Adoption requires trust, and trust requires familiarity. If team members encounter an AI tool for the first time at launch, they are already behind.
Involve users before launch
The teams with the best AI adoption involve end users during the pilot, not just in testing. When someone sees their own inputs producing useful outputs early, they arrive at launch with confidence instead of skepticism.
Early involvement also surfaces the edge cases that matter most: the unusual request, the time-sensitive exception, the workflow step that was not in the scope document.
Design for the handoff
Every AI product has a moment where control transfers — from the system to a human, or from a human to the system. That handoff needs to be designed explicitly: who acts, on what signal, with what context.
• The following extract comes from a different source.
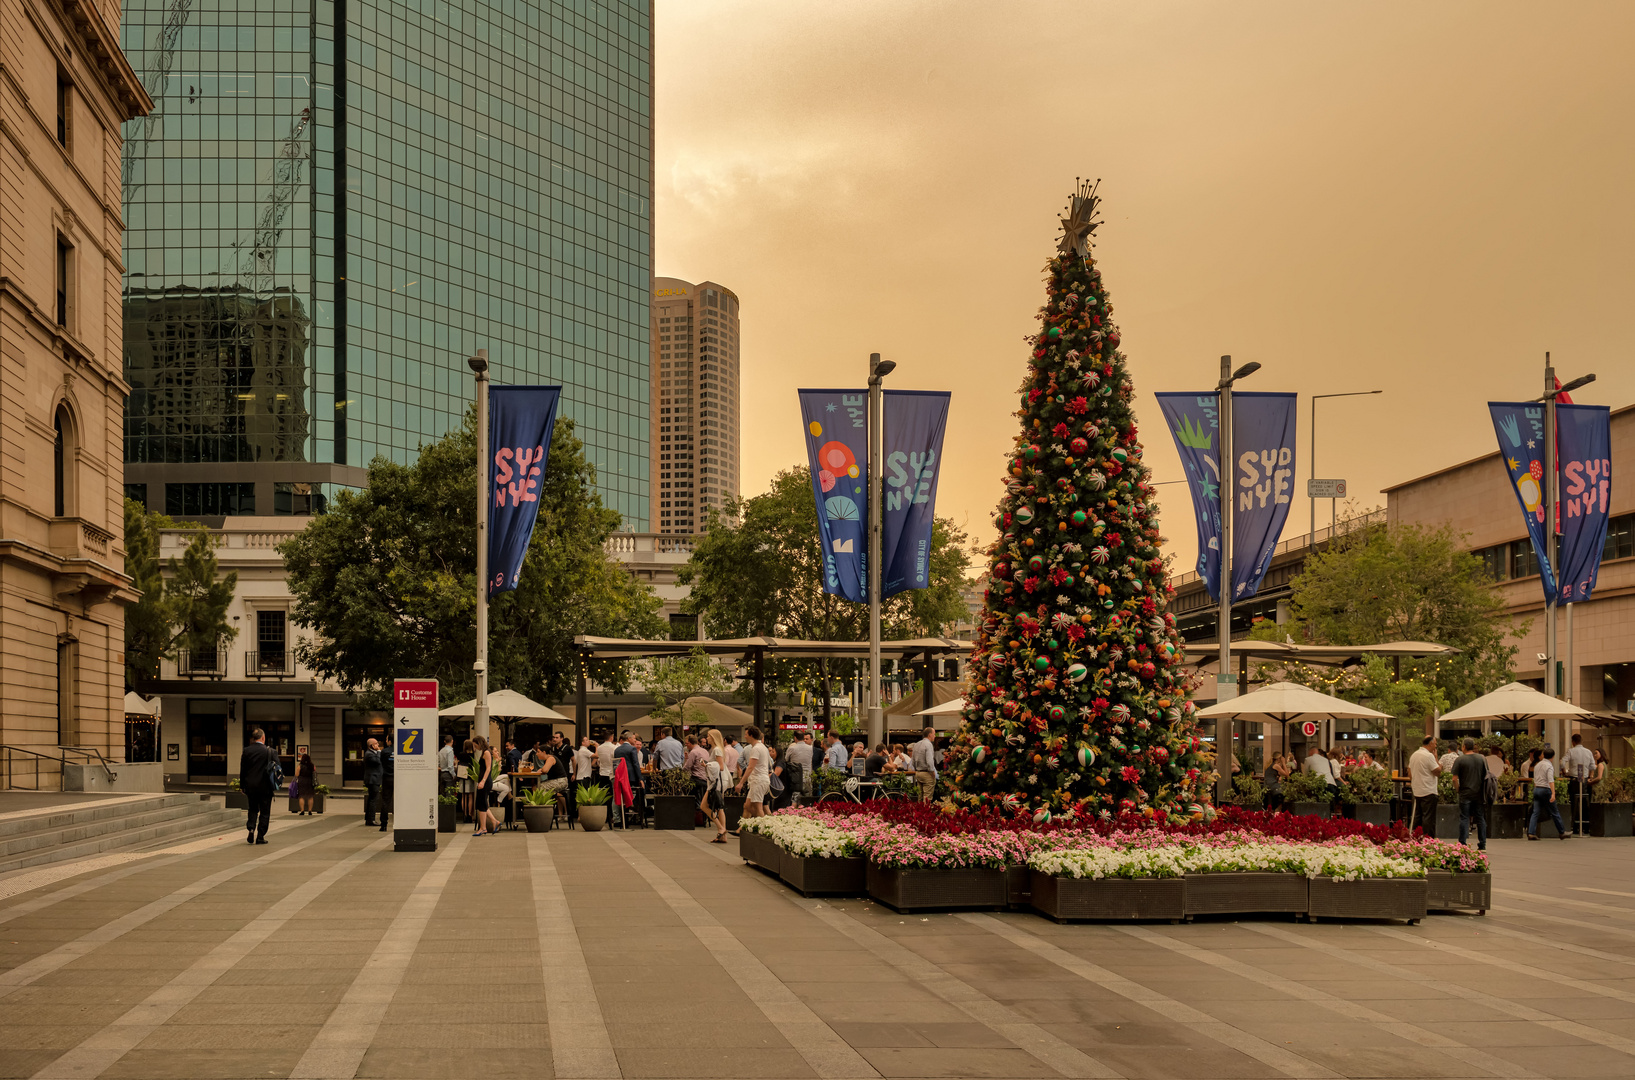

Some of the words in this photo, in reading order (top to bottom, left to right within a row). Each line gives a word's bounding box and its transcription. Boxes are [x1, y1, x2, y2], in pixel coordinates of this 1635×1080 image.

Products that skip this design have high initial adoption and fast dropout. Products that get it right become infrastructure.
Measure what operators care about
Usage metrics matter, but adoption is ultimately measured by outcomes: did cycle time drop, did quality improve, did the team stop avoiding the workflow? Those are the numbers that justify the next phase.
Define them before launch. Agree on them with the team. Review them at 30 and 90 days. That cadence is what separates a real rollout from a pilot that quietly disappears.